Image-backed grounding data
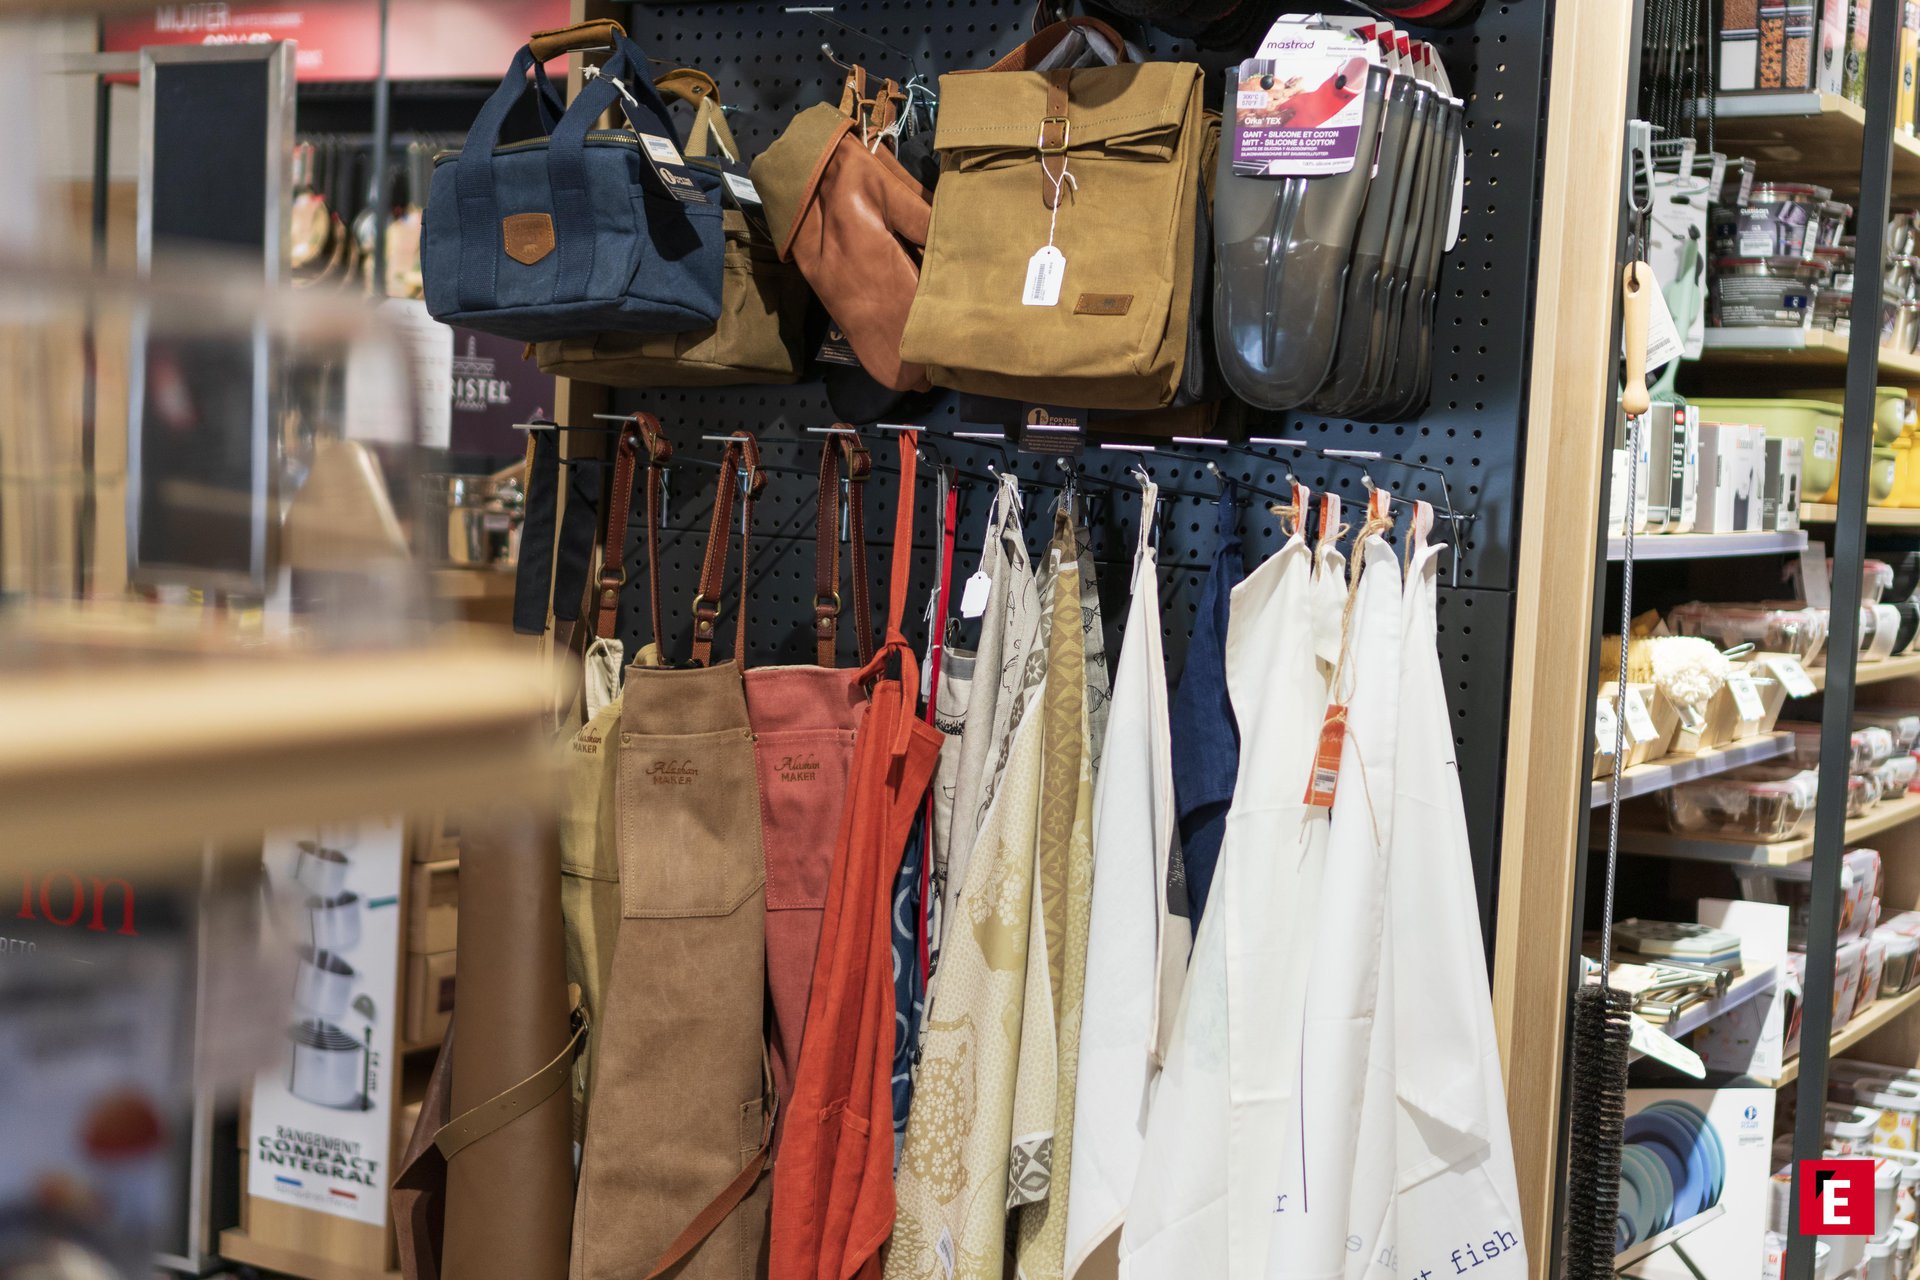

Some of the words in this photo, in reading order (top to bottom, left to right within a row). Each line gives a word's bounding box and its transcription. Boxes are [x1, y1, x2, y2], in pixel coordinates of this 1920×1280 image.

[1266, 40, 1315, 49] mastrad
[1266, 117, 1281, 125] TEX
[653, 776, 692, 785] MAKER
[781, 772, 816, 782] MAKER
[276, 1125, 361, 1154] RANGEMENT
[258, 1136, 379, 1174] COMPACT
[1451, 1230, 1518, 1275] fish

*Task directions*. Please transcribe all of the entries exactly and omit any picture they hold.

*Exercise answer*.
Some of the words in this photo, in reading order (top to bottom, left to right within a row). Each line gives a word's bounding box and its transcription. Boxes are [x1, y1, x2, y2], in pixel coordinates of this 1920×1280 image.

[1266, 40, 1315, 49] mastrad
[1266, 117, 1281, 125] TEX
[653, 776, 692, 785] MAKER
[781, 772, 816, 782] MAKER
[276, 1125, 361, 1154] RANGEMENT
[258, 1136, 379, 1174] COMPACT
[1451, 1230, 1518, 1275] fish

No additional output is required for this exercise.